Please copy every record below exactly and leave out the pictures.

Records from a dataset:
※

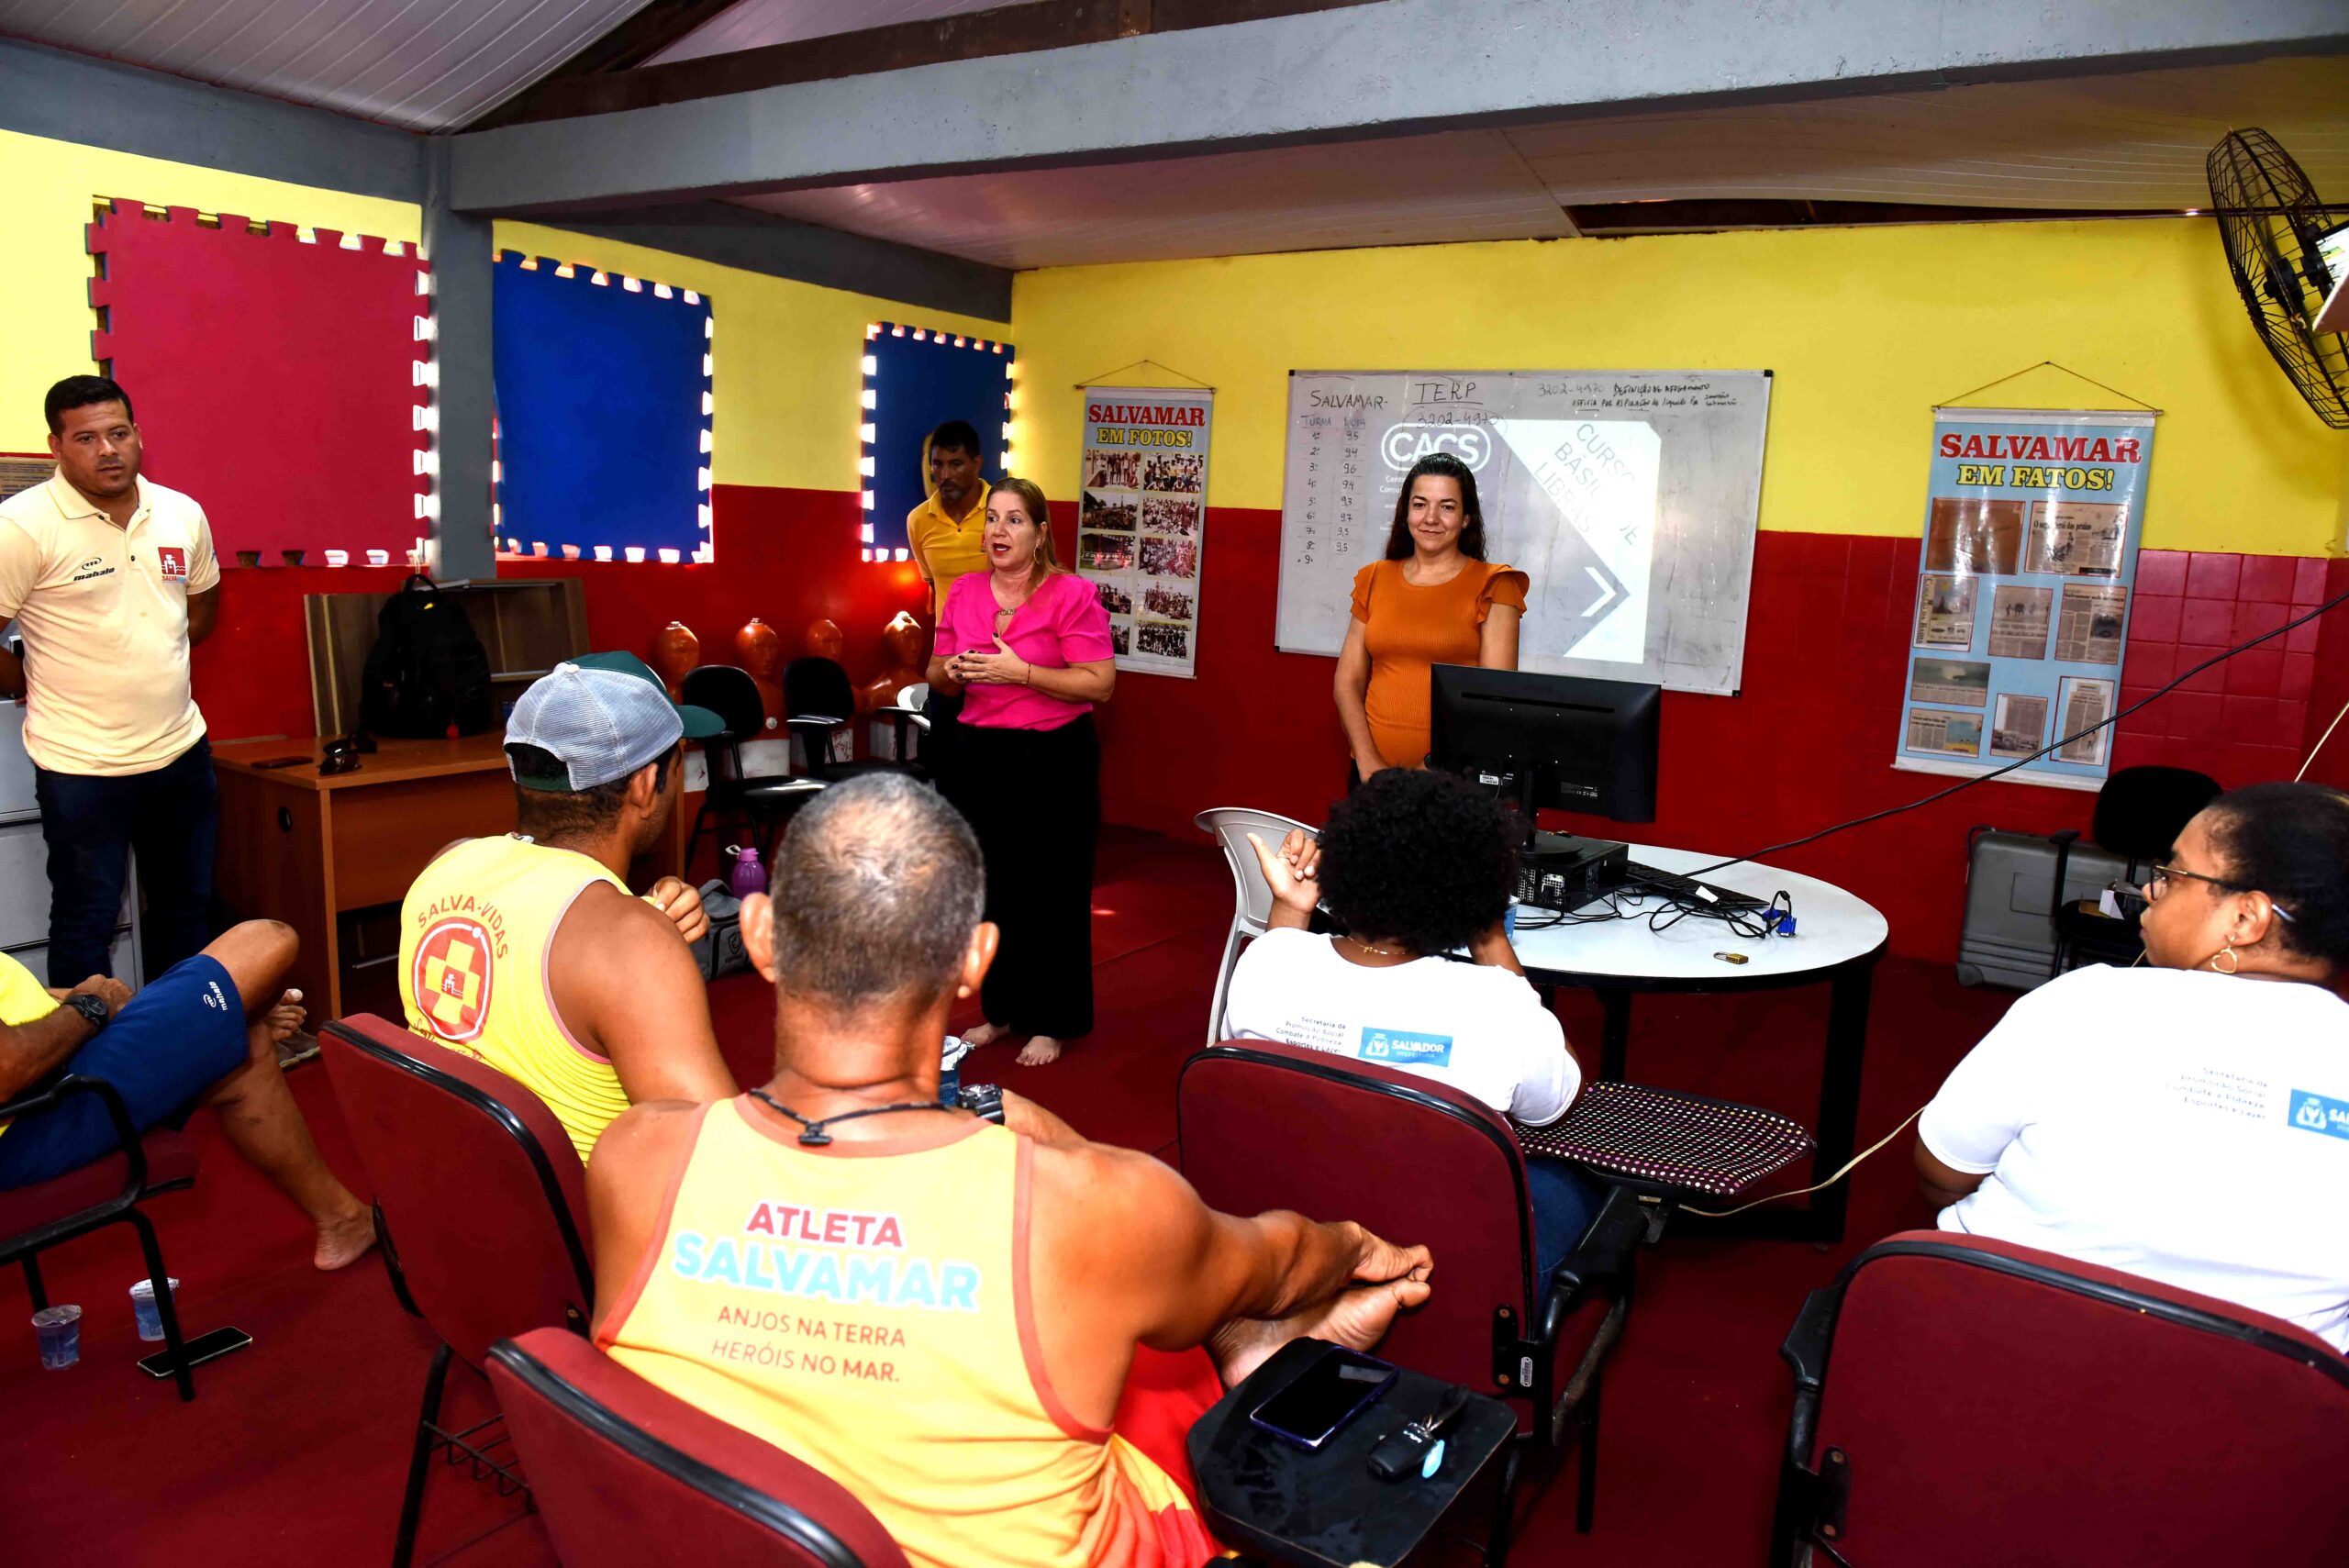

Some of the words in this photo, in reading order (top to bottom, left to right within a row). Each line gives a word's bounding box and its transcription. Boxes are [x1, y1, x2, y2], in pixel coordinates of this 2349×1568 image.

[1414, 382, 1476, 403] TERP
[1088, 404, 1205, 427] SALVAMAR
[1097, 428, 1125, 444] EM
[1129, 428, 1193, 447] FOTOS!
[1389, 431, 1479, 464] CACS
[1940, 433, 2142, 463] SALVAMAR
[1956, 463, 2005, 486] EM
[2010, 466, 2114, 490] FATOS!
[417, 895, 508, 959] SALVA-VIDAS
[1275, 1027, 1303, 1039] Combate
[1301, 1016, 1335, 1028] Secretaria
[1286, 1038, 1313, 1050] Esportes
[1392, 1040, 1444, 1053] SALVADOR
[746, 1202, 903, 1248] ATLETA
[674, 1232, 978, 1309] SALVAMAR
[718, 1306, 790, 1334] ANJOS
[796, 1318, 827, 1340] NA
[833, 1322, 907, 1348] TERRA
[710, 1339, 795, 1369] HERÓIS
[801, 1355, 836, 1374] NO
[842, 1358, 901, 1383] MAR.
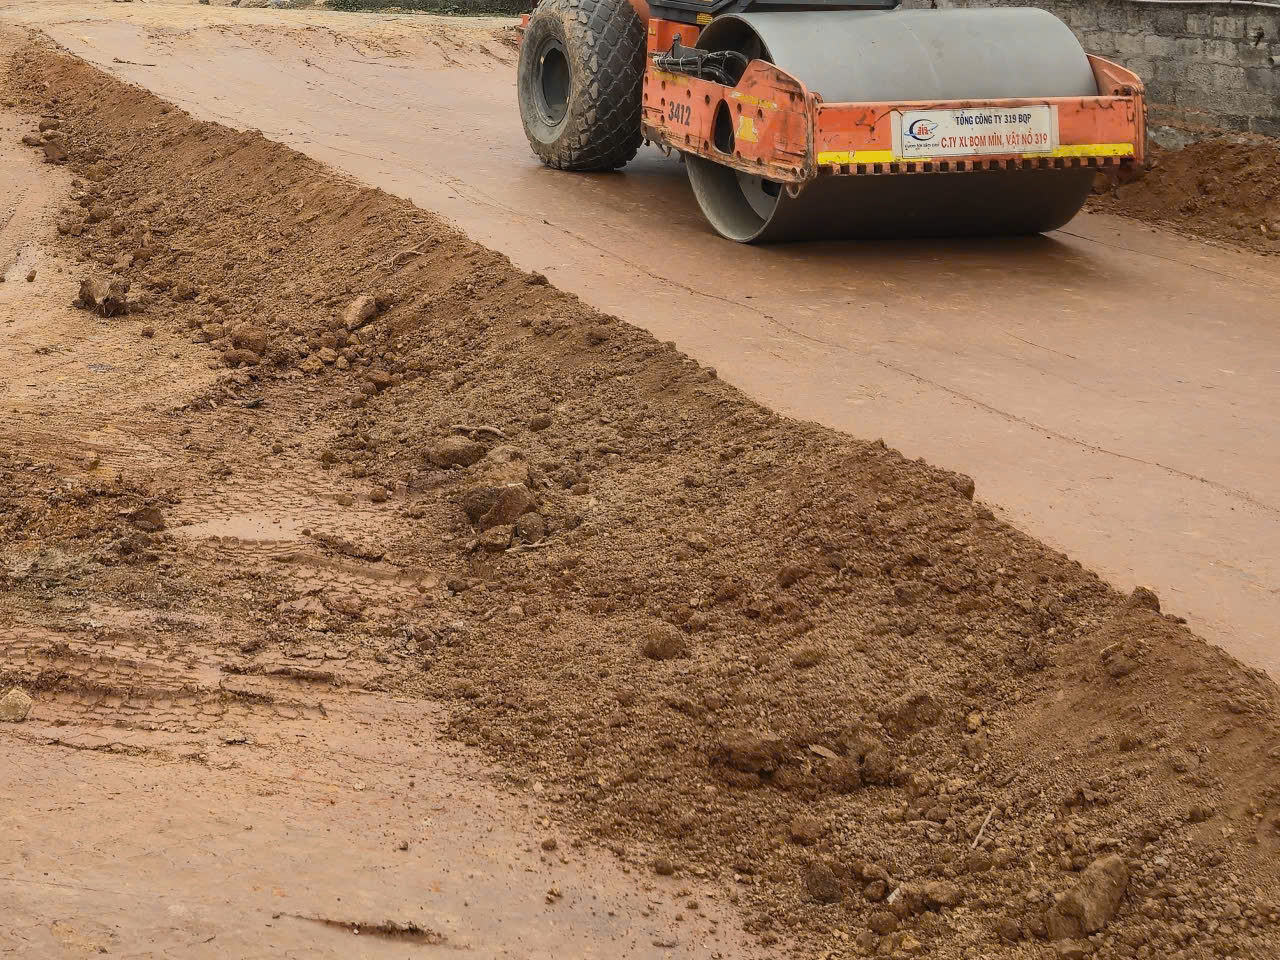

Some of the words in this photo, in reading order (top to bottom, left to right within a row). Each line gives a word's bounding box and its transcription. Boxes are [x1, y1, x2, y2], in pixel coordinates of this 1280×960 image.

[668, 100, 692, 127] 3412
[955, 111, 973, 126] TỔNG
[974, 114, 993, 125] CÔNG
[994, 114, 1003, 124] TY
[1004, 114, 1017, 123] 319
[1018, 113, 1032, 123] BQP
[940, 137, 957, 149] C.TY
[969, 135, 988, 147] BOM
[1034, 133, 1048, 145] 319

※

■ Solution for this problem
Some of the words in this photo, in reading order (top to bottom, left to right within a row). Each line gives a word's bounding box and its transcription. Boxes are [x1, y1, x2, y2], in pixel coordinates of this 2349×1568 image.

[1414, 382, 1476, 403] TERP
[1088, 404, 1205, 427] SALVAMAR
[1097, 428, 1125, 444] EM
[1129, 428, 1193, 447] FOTOS!
[1389, 431, 1479, 464] CACS
[1940, 433, 2142, 463] SALVAMAR
[1956, 463, 2005, 486] EM
[2010, 466, 2114, 490] FATOS!
[417, 895, 508, 959] SALVA-VIDAS
[1275, 1027, 1303, 1039] Combate
[1301, 1016, 1335, 1028] Secretaria
[1286, 1038, 1313, 1050] Esportes
[1392, 1040, 1444, 1053] SALVADOR
[746, 1202, 903, 1248] ATLETA
[674, 1232, 978, 1309] SALVAMAR
[718, 1306, 790, 1334] ANJOS
[796, 1318, 827, 1340] NA
[833, 1322, 907, 1348] TERRA
[710, 1339, 795, 1369] HERÓIS
[801, 1355, 836, 1374] NO
[842, 1358, 901, 1383] MAR.

Some of the words in this photo, in reading order (top to bottom, left to right within a row). Each line gives a word's bounding box and its transcription. Boxes are [x1, y1, x2, y2], in pixel coordinates of this 1280×960 image.

[668, 100, 692, 127] 3412
[955, 111, 973, 126] TỔNG
[974, 114, 993, 125] CÔNG
[994, 114, 1003, 124] TY
[1004, 114, 1017, 123] 319
[1018, 113, 1032, 123] BQP
[940, 137, 957, 149] C.TY
[969, 135, 988, 147] BOM
[1034, 133, 1048, 145] 319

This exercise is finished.